Abstract:
Current surgical aortic valve (AV) replacement options include bioprosthetic and mechanical heart valves (MHVs), each with inherent limitations. Bioprosthetic valves offer superior hemodynamics but suffer from durability issues, typically initiating deterioration within 7-8 years. MHVs, while durable, necessitate lifelong anticoagulation therapy, presenting risks such as severe bleeding and thromboembolic events.

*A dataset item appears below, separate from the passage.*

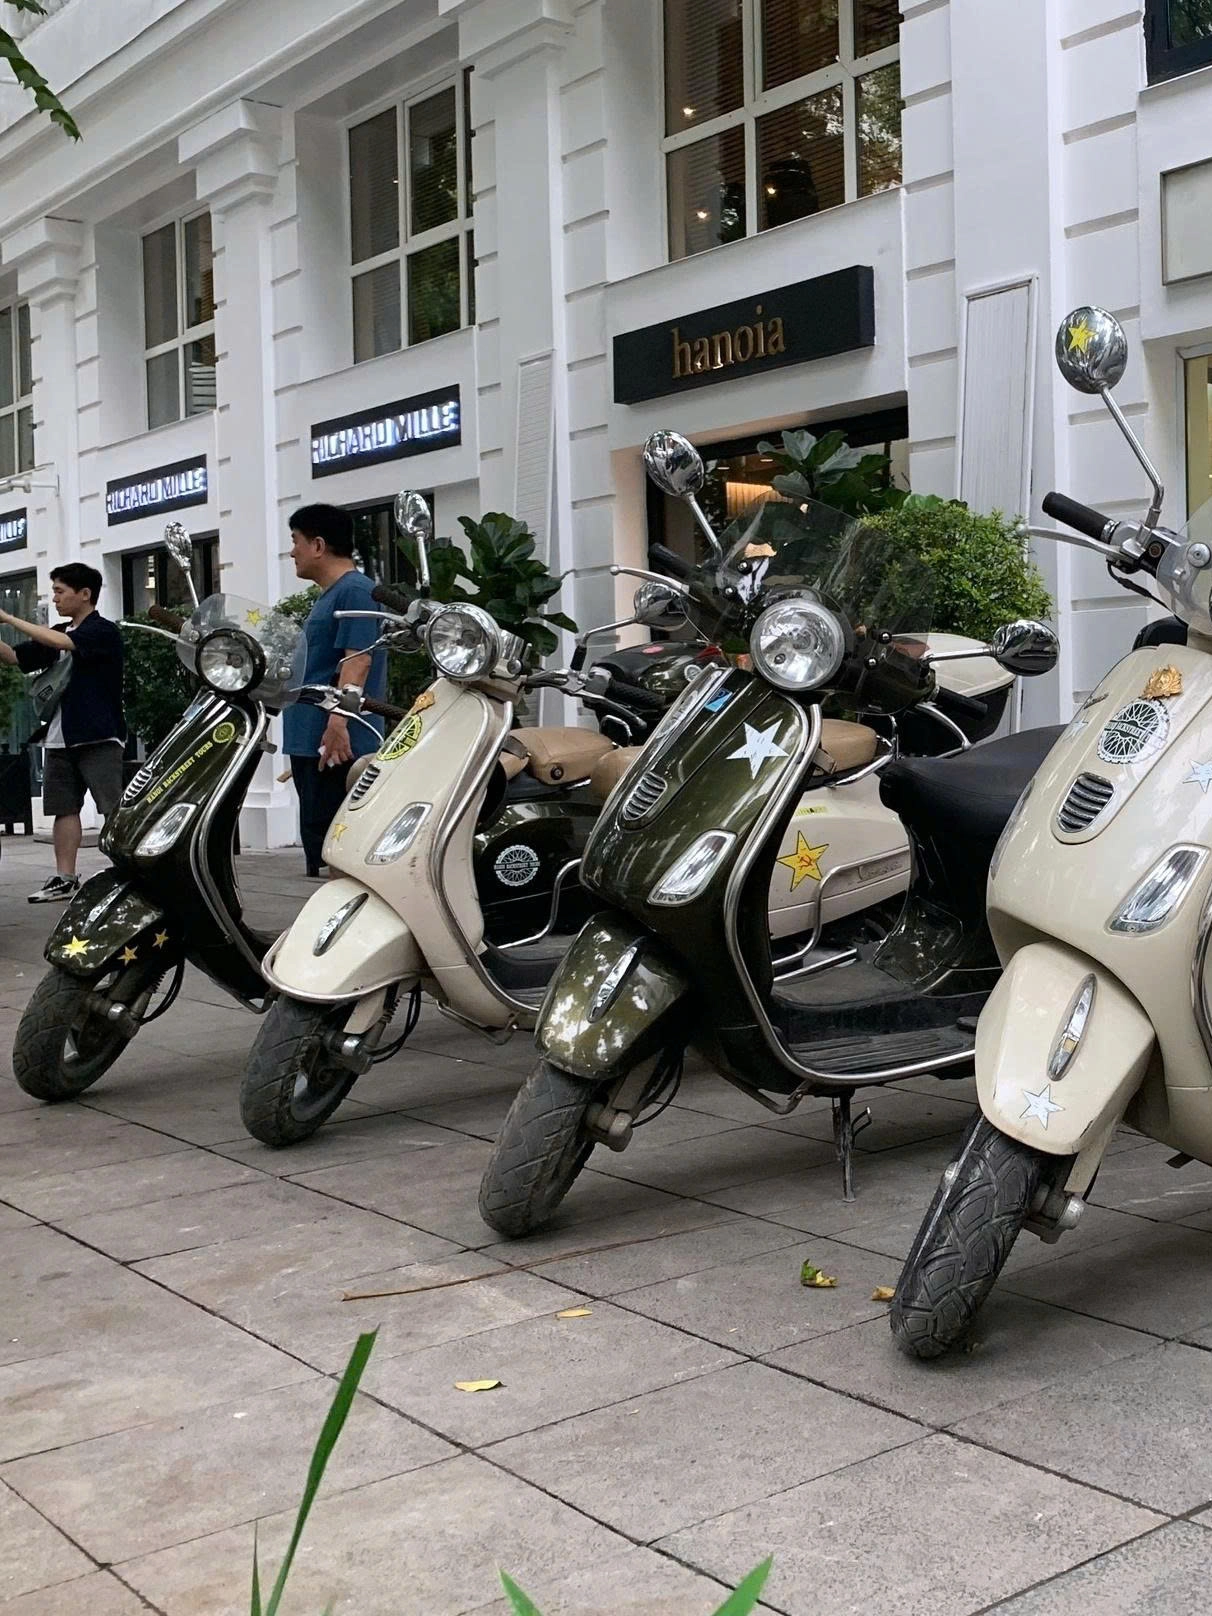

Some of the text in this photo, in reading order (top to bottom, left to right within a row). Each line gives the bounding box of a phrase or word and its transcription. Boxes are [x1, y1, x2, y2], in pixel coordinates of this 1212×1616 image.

The need for anticoagulants is caused by non-physiological flow through the hinge area during the closed phase and large spikes of regional backflow velocity (RBV) during the closing phase that produces high shear events. This study introduces the iValve, a novel MHV designed to combine the hemodynamic benefits of bioprosthetic valves with the durability of MHVs without requiring anticoagulation. The iValve features eye-like leaflets, a saddle-shaped housing, and an optimized hinge design to enhance blood flow and minimize thrombotic risk. Fabricated using 6061-T6 aluminum and polyether ether ketone (PEEK), twelve iValve iterations were evaluated for their opening and closing dynamics. The reported top-performing prototypes demonstrated competitive performance against industry standards. The proposed iValve prototype exhibited a mean RBV of -4.34 m/s with no spikes in RBV, performing similarly to bioprosthetic valves and significantly outperforming existing MHVs. The iValve\'s optimized design showed a 7-10% reduction in closing time and a substantial decrease in RBV spikes, potentially reducing the need for anticoagulation therapy. This study highlights the iValve\'s potential to revolutionize prosthetic heart valve technology by offering a durable, hemodynamically superior solution that mitigates the drawbacks of current MHVs.
摘要:
目前的外科主动脉瓣(AV)替代方案包括生物假体和机械心脏瓣膜(MHV),每个都有固有的局限性。生物瓣膜提供优越的血液动力学,但遭受耐久性问题,通常在7-8年内开始恶化。MHV,虽然耐用,需要终身抗凝治疗,存在严重出血和血栓栓塞事件等风险。对抗凝剂的需求是由在闭合阶段期间通过铰链区域的非生理流动和在闭合阶段期间产生高剪切事件的区域回流速度(RBV)的大峰值引起的。本研究介绍了iValve,一种新型MHV,旨在将生物瓣膜的血液动力学益处与MHV的耐久性相结合,而无需抗凝。iValve的特点是像眼睛一样的小叶,马鞍形的外壳,和一个优化的铰链设计,以提高血液流动和减少血栓风险。使用6061-T6铝和聚醚醚酮(PEEK)制造,评估了12次iValve迭代的打开和关闭动力学。报告的性能最佳的原型显示了与行业标准相比的竞争性能。拟议的iValve原型显示平均RBV为-4.34m/s,RBV没有尖峰,与生物人工瓣膜相似,并且明显优于现有的MHV。iValve的优化设计显示关闭时间减少7-10%,RBV尖峰大幅减少,有可能减少抗凝治疗的需要.这项研究强调了iValve的潜力,通过提供耐用的,血液动力学优越的解决方案,减轻了当前MHV的缺点。